SAN FRANCISCO (AP) — California cities that are hot, dry or crowded, or have managed to come up with new sources of water, might be able to get a slight break in the state’s drought-time water-conservation targets, state officials said Friday.
California’s Water Resources Control Board is slated to decide in February whether to slightly ease water-conservation targets for some cities and towns. Gov. Jerry Brown mandated last year that the state overall had to see 25 percent less water use by cities and towns to cope with the state’s four-year drought.
Water board officials gave details Friday, saying they are considering reducing conservation targets by up to 8 percent for some of the state’s more than 400 water agencies. That’s higher than an earlier draft in December, which suggested up to 4 percent cuts in the targets.
Eric Oppenheimer, the board’s chief deputy director, said the changes would be only “modest adjustments” in conservation goals for the drought.
Water officials said Friday that communities that were especially hot or dry might be able to get a slight cut in their conservation targets. So may communities with fast population growth, and communities that have developed desalination plants, wastewater-recycling plants or other sources of new water also might get a break.
Water agencies will likely have to apply for some changes, while others would be automatic.
California is in its driest four-year span on record, and officials anticipate a possible fifth year of drought.
Weather forecasters say a strong El Nino weather system could drench the state, but one good year won’t be enough to rehydrate the parched landscape.
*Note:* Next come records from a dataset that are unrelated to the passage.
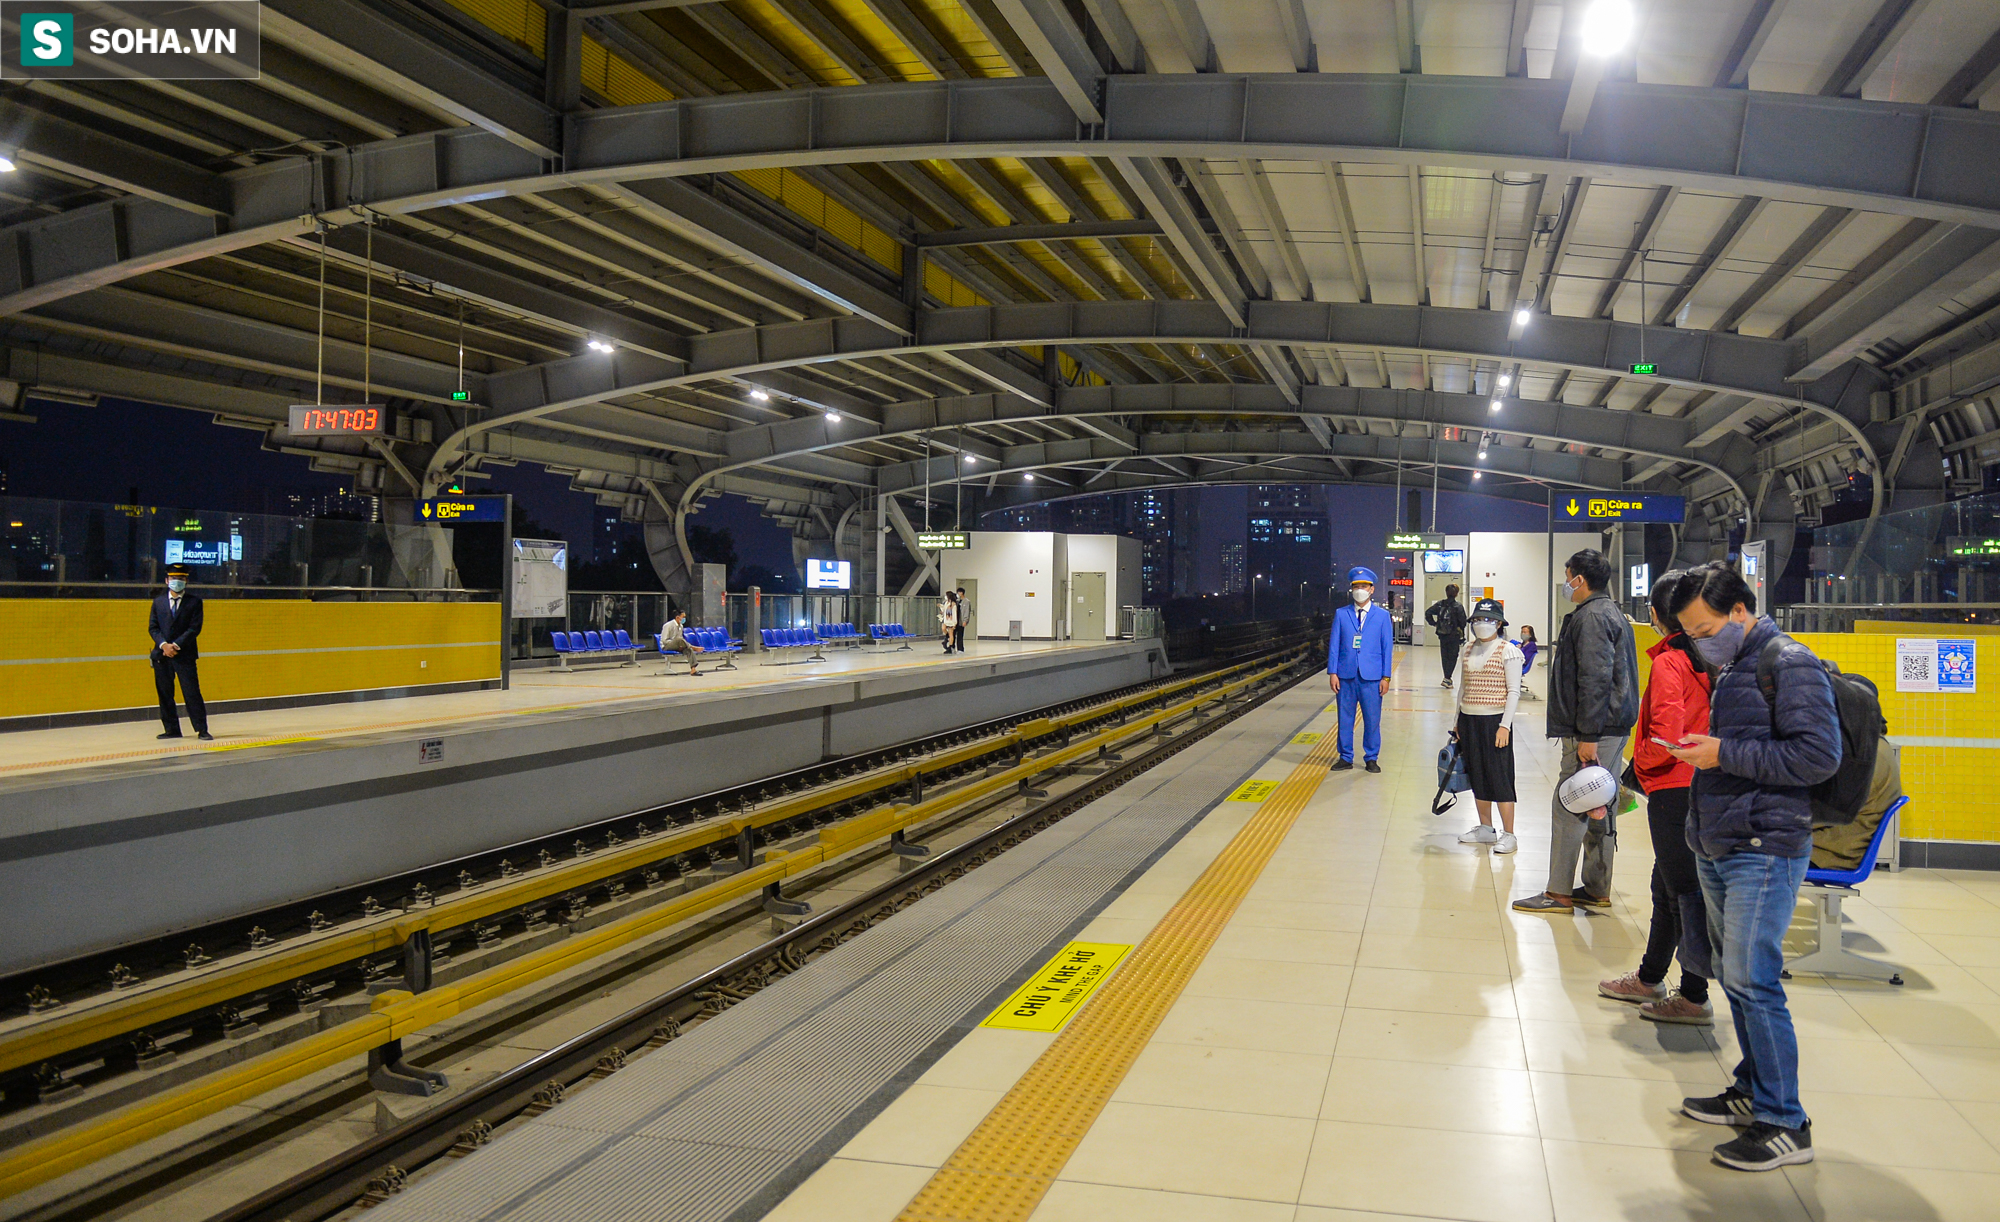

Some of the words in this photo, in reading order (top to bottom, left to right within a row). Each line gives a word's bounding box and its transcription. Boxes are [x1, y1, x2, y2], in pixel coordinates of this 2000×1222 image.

[304, 409, 378, 431] 17:47:03
[450, 502, 466, 511] Cửa
[466, 503, 475, 511] ra
[1608, 500, 1630, 509] Cửa
[1013, 995, 1052, 1017] CHÚ
[1047, 965, 1082, 984] KHE
[1068, 950, 1096, 963] HỞ
[1059, 987, 1083, 1004] MIND
[1076, 976, 1095, 987] THE
[1086, 964, 1104, 976] GAP
Board chairwoman Felicia Marcus said officials will reassess conservation requirements in April after the rain and snow season.
In Southern California, local governments have argued state officials should acknowledge huge investments in new supplies to prepare for drought.
This year, the San Diego region completed a $1 billion seawater desalination plant, the largest in the Americas. Orange County recently expanded wastewater recycling to produce 100 million gallons of drinking water daily.